Information supplied: Begin
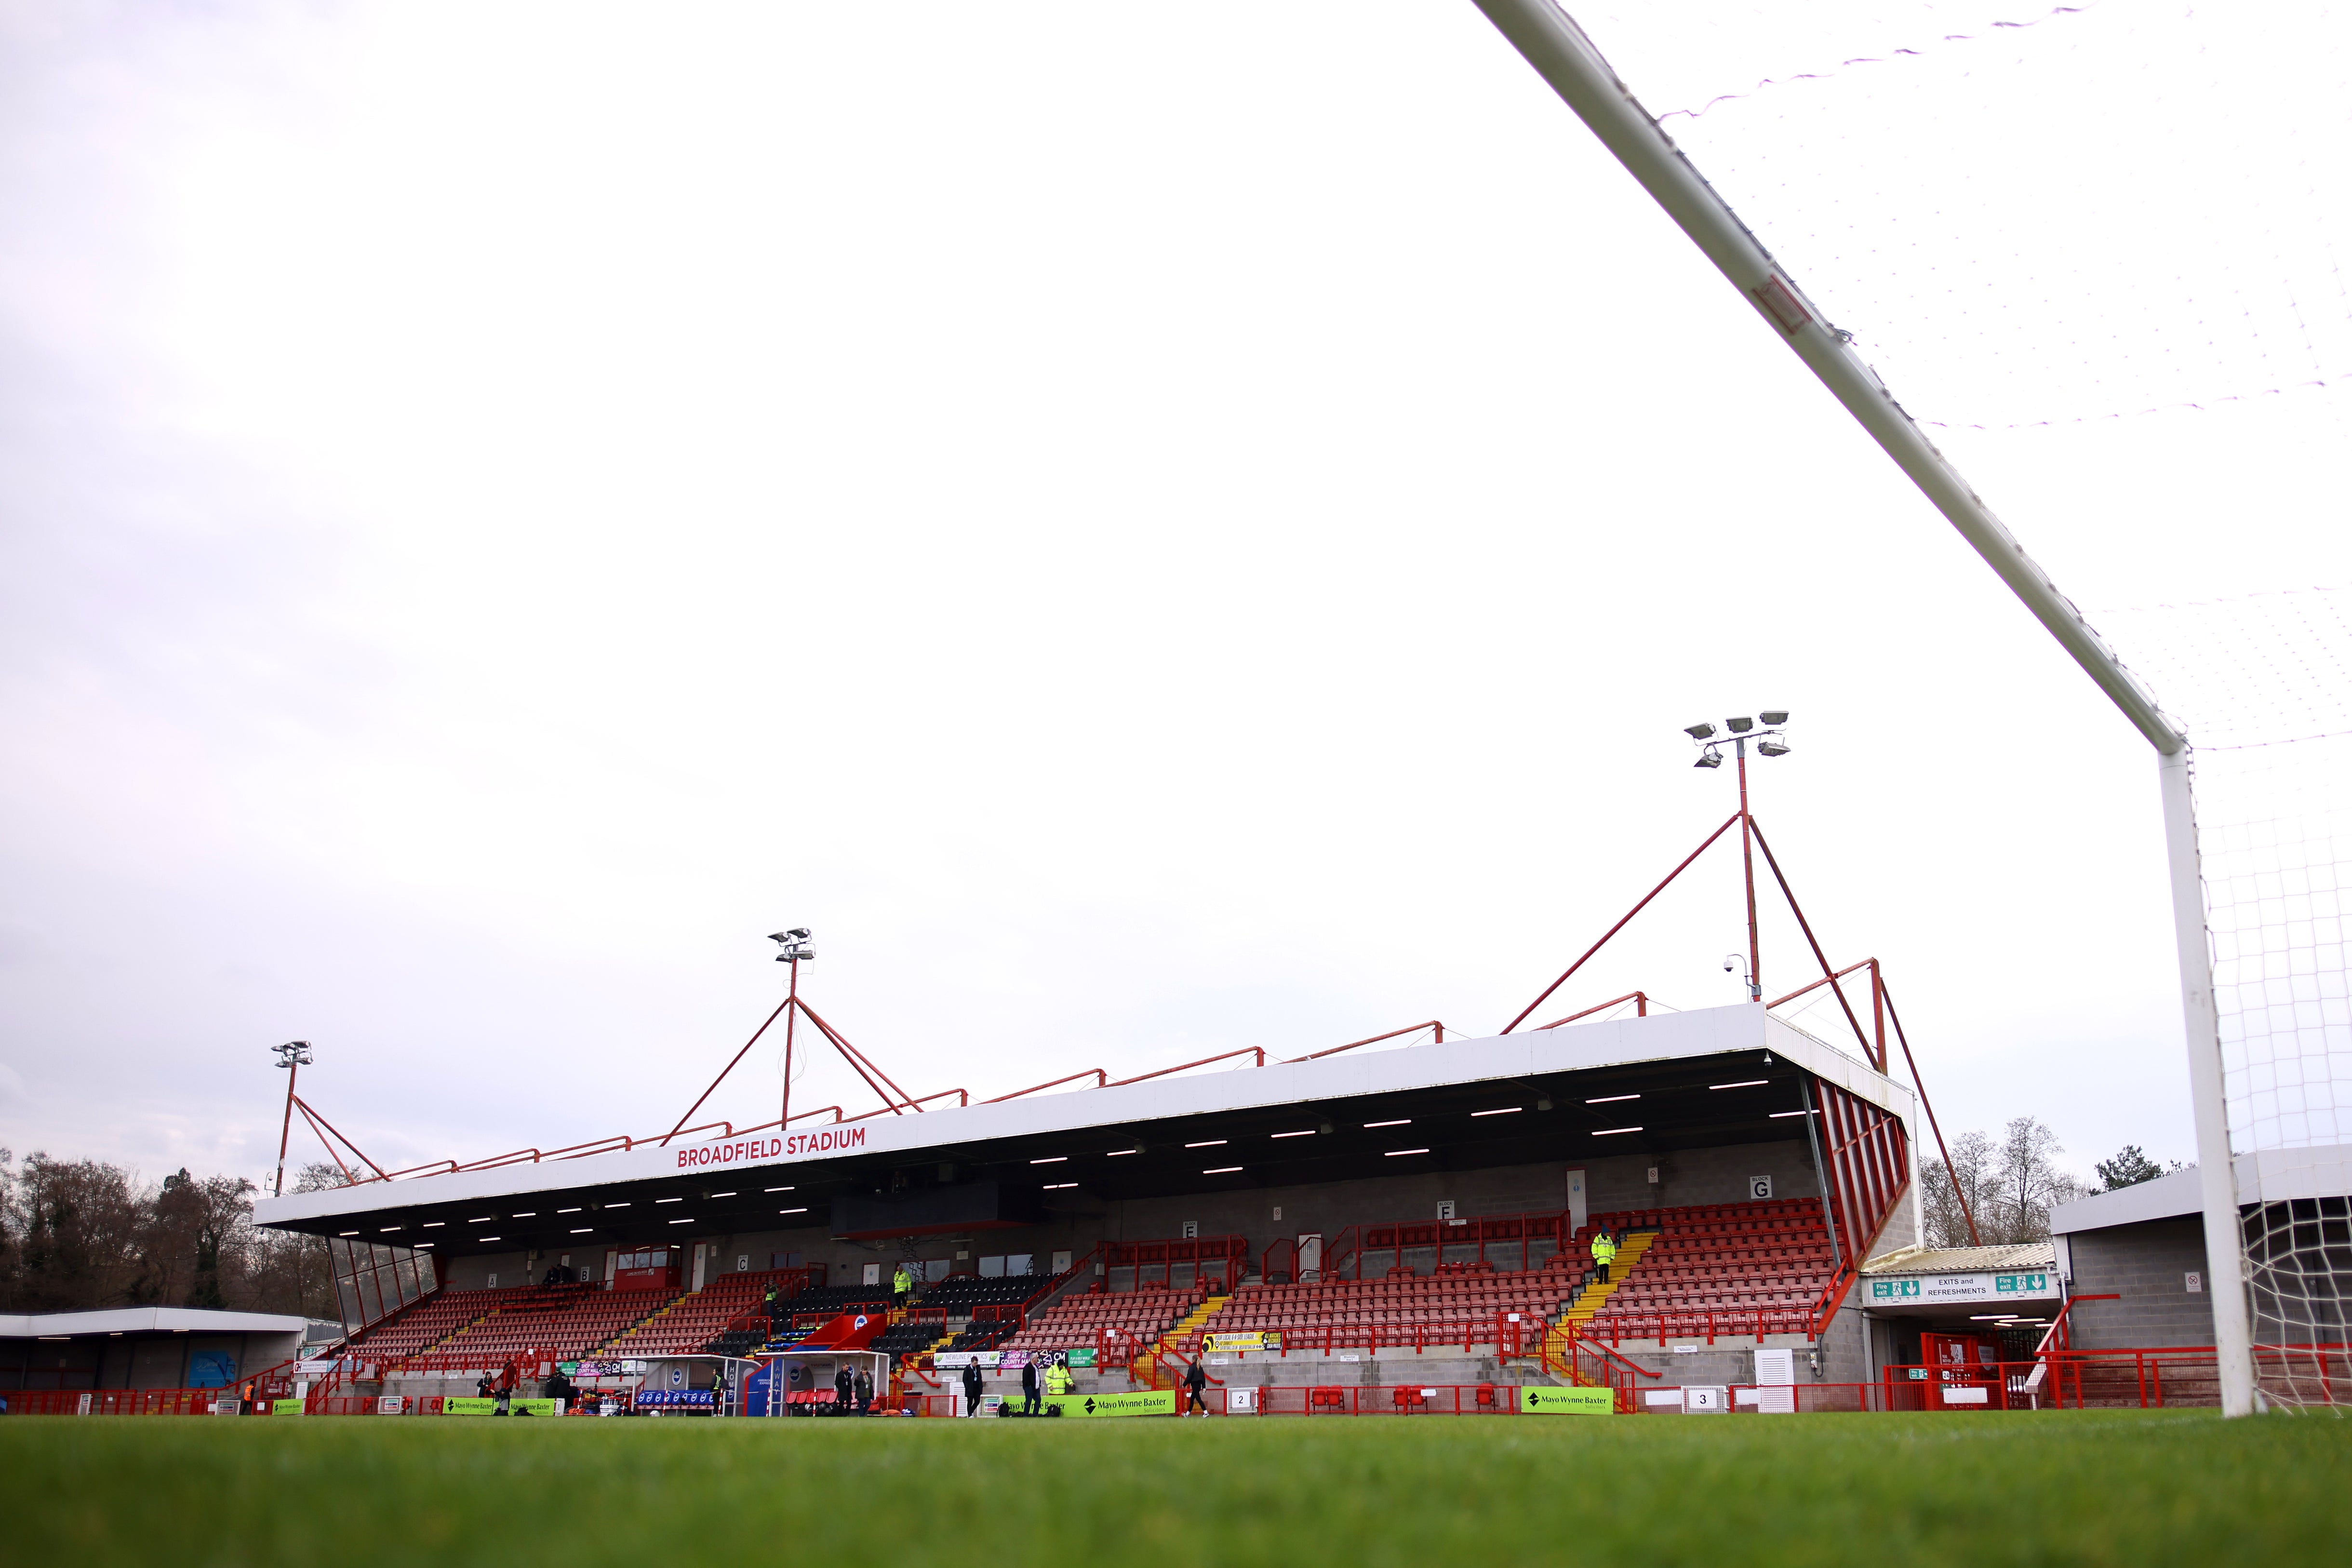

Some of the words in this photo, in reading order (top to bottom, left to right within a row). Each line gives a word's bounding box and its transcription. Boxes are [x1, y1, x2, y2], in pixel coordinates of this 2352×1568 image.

[678, 1139, 781, 1167] BROADFIELD
[788, 1127, 865, 1154] STADIUM
[1754, 1181, 1767, 1197] G
[1442, 1206, 1450, 1219] F
[1187, 1226, 1194, 1238] E
[740, 1260, 745, 1270] C
[582, 1271, 587, 1280] B
[490, 1278, 494, 1287] A
[1928, 1287, 1986, 1296] REFRESHMENTS
[1054, 1352, 1065, 1361] CM
[1239, 1395, 1243, 1404] 2
[1541, 1396, 1559, 1405] Mayo
[1560, 1396, 1583, 1405] Wynne
[1700, 1394, 1706, 1404] 3
[1098, 1401, 1117, 1411] Mayo
[1118, 1400, 1142, 1410] Wynne
[1144, 1398, 1166, 1406] Baxter
Information supplied: End
◆ **What the exercise asks**: The listing above should be returned word for word, with pictures omitted.

◆ **Answer**:
Some of the words in this photo, in reading order (top to bottom, left to right within a row). Each line gives a word's bounding box and its transcription. Boxes are [x1, y1, x2, y2], in pixel coordinates of this 2352×1568 image.

[678, 1139, 781, 1167] BROADFIELD
[788, 1127, 865, 1154] STADIUM
[1754, 1181, 1767, 1197] G
[1442, 1206, 1450, 1219] F
[1187, 1226, 1194, 1238] E
[740, 1260, 745, 1270] C
[582, 1271, 587, 1280] B
[490, 1278, 494, 1287] A
[1928, 1287, 1986, 1296] REFRESHMENTS
[1054, 1352, 1065, 1361] CM
[1239, 1395, 1243, 1404] 2
[1541, 1396, 1559, 1405] Mayo
[1560, 1396, 1583, 1405] Wynne
[1700, 1394, 1706, 1404] 3
[1098, 1401, 1117, 1411] Mayo
[1118, 1400, 1142, 1410] Wynne
[1144, 1398, 1166, 1406] Baxter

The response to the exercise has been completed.